## What the task requires
Exact copy, no pictures: return all the records as they stand.

## Task inputs
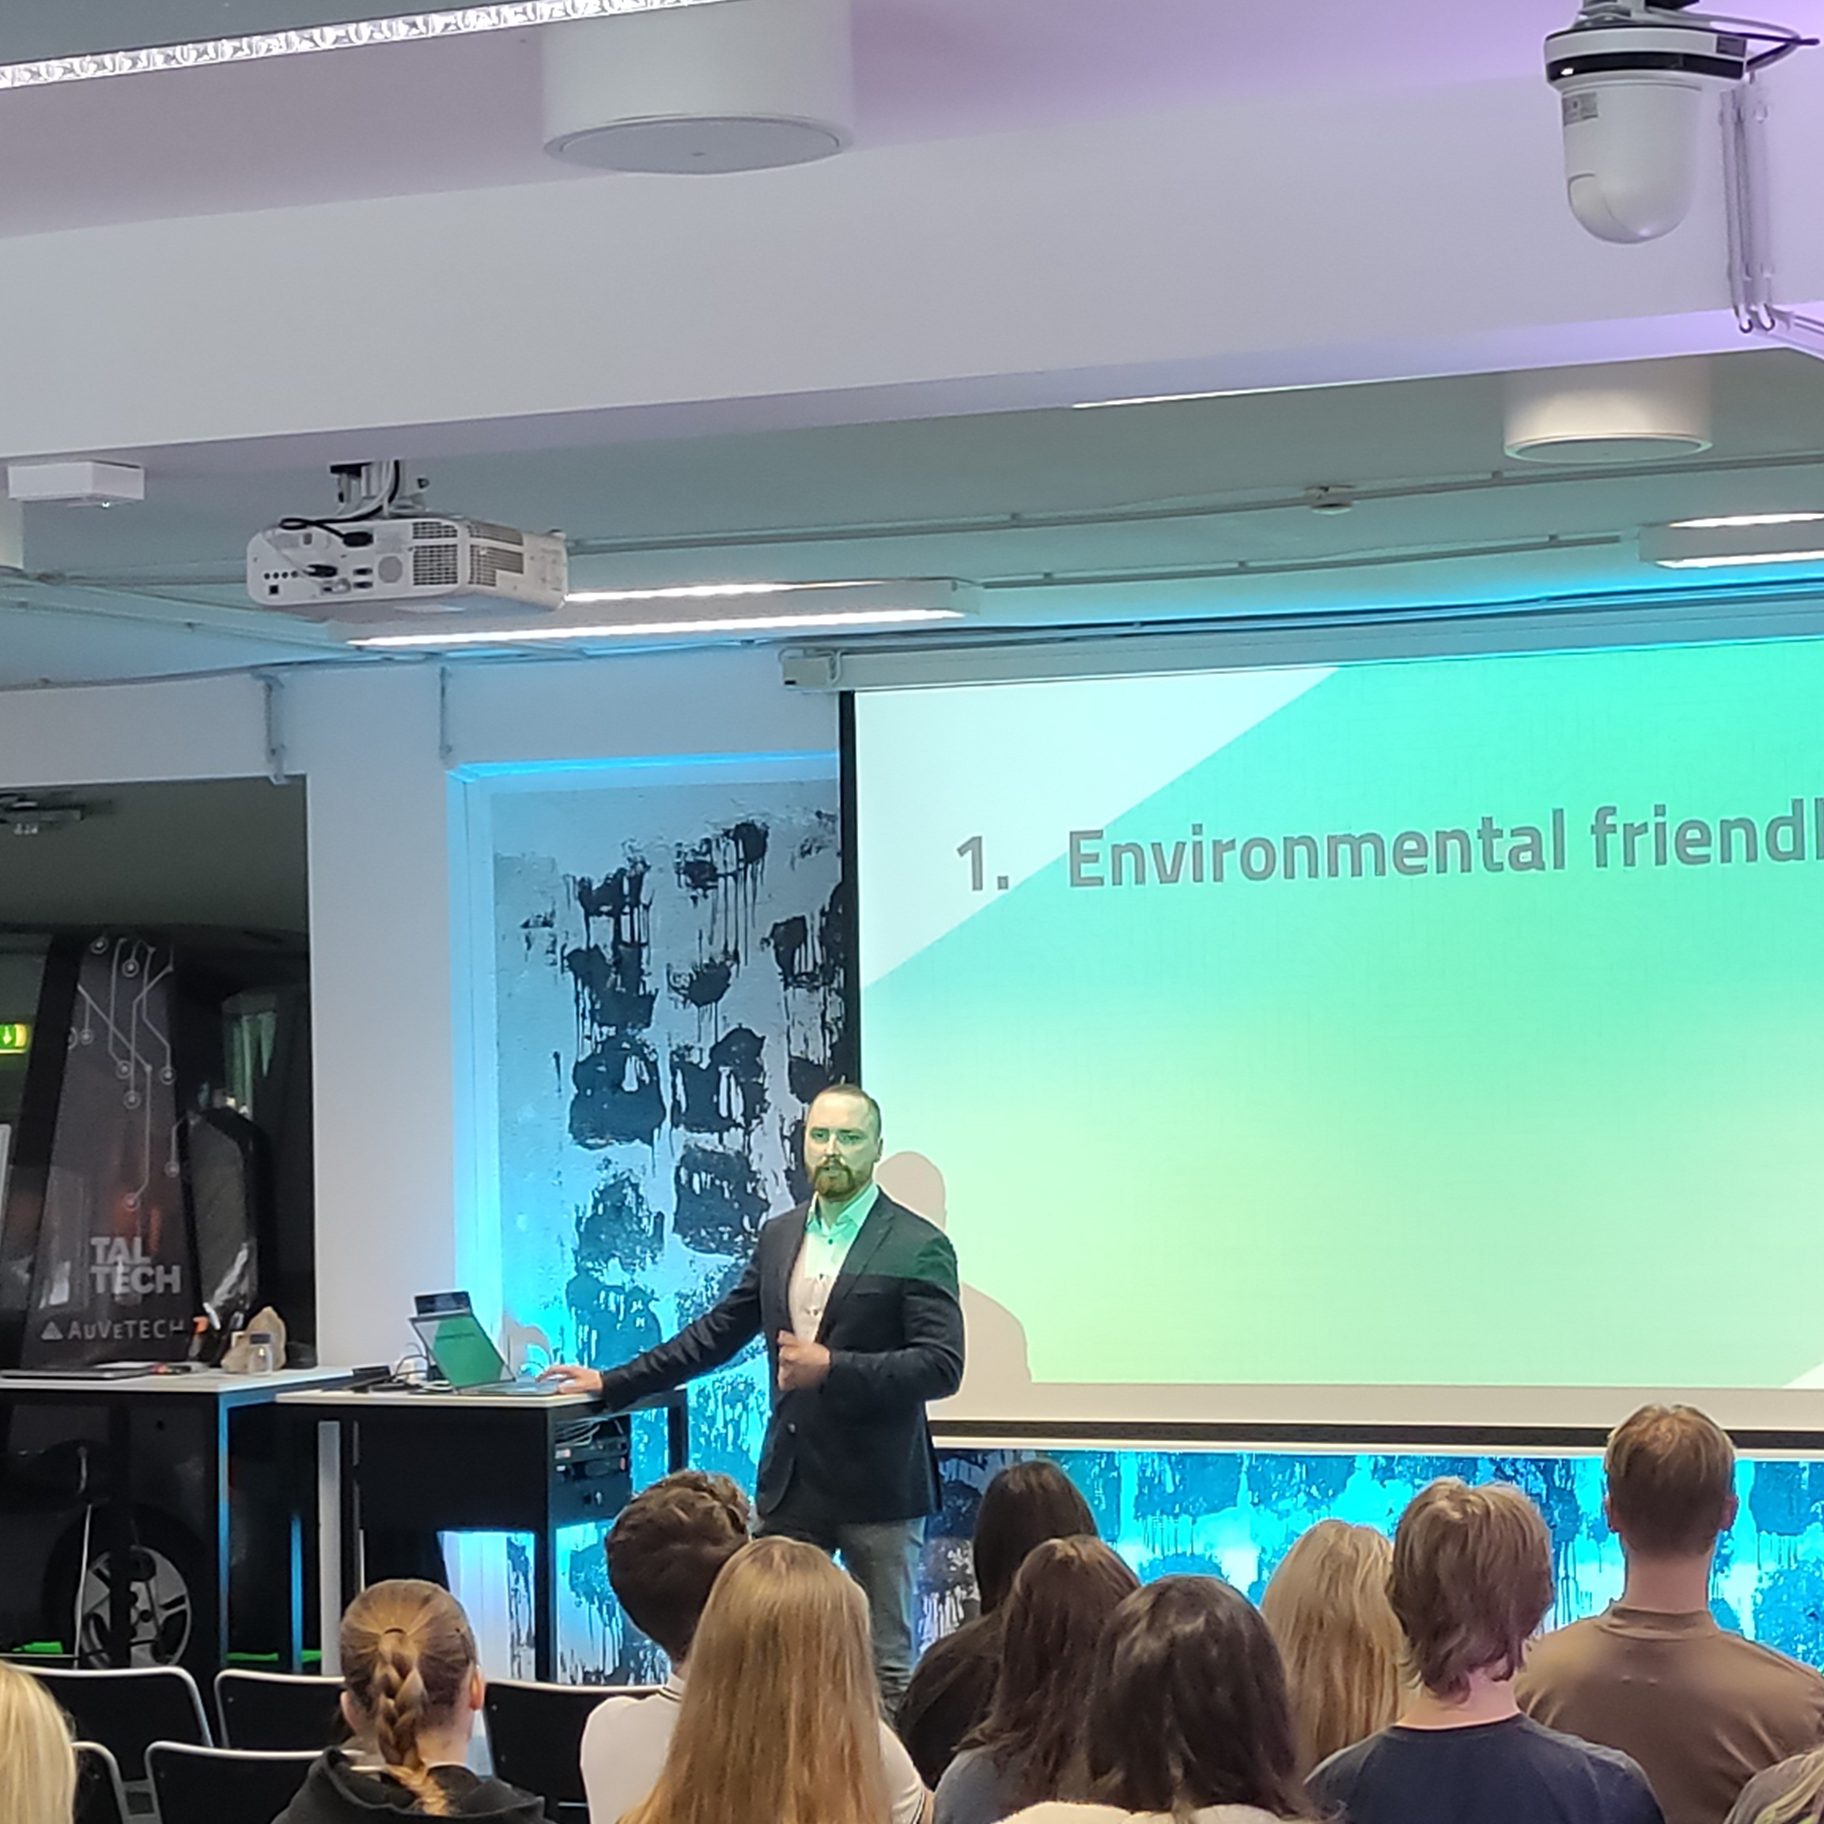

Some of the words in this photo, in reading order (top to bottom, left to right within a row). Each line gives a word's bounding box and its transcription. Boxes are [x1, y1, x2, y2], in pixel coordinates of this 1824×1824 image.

[956, 835, 1010, 891] 1.
[1068, 808, 1566, 888] Environmental
[90, 1236, 152, 1265] TAL
[90, 1264, 182, 1294] TECH

## Result for this task
Some of the words in this photo, in reading order (top to bottom, left to right within a row). Each line gives a word's bounding box and its transcription. Boxes are [x1, y1, x2, y2], in pixel coordinates of this 1824×1824 image.

[956, 835, 1010, 891] 1.
[1068, 808, 1566, 888] Environmental
[90, 1236, 152, 1265] TAL
[90, 1264, 182, 1294] TECH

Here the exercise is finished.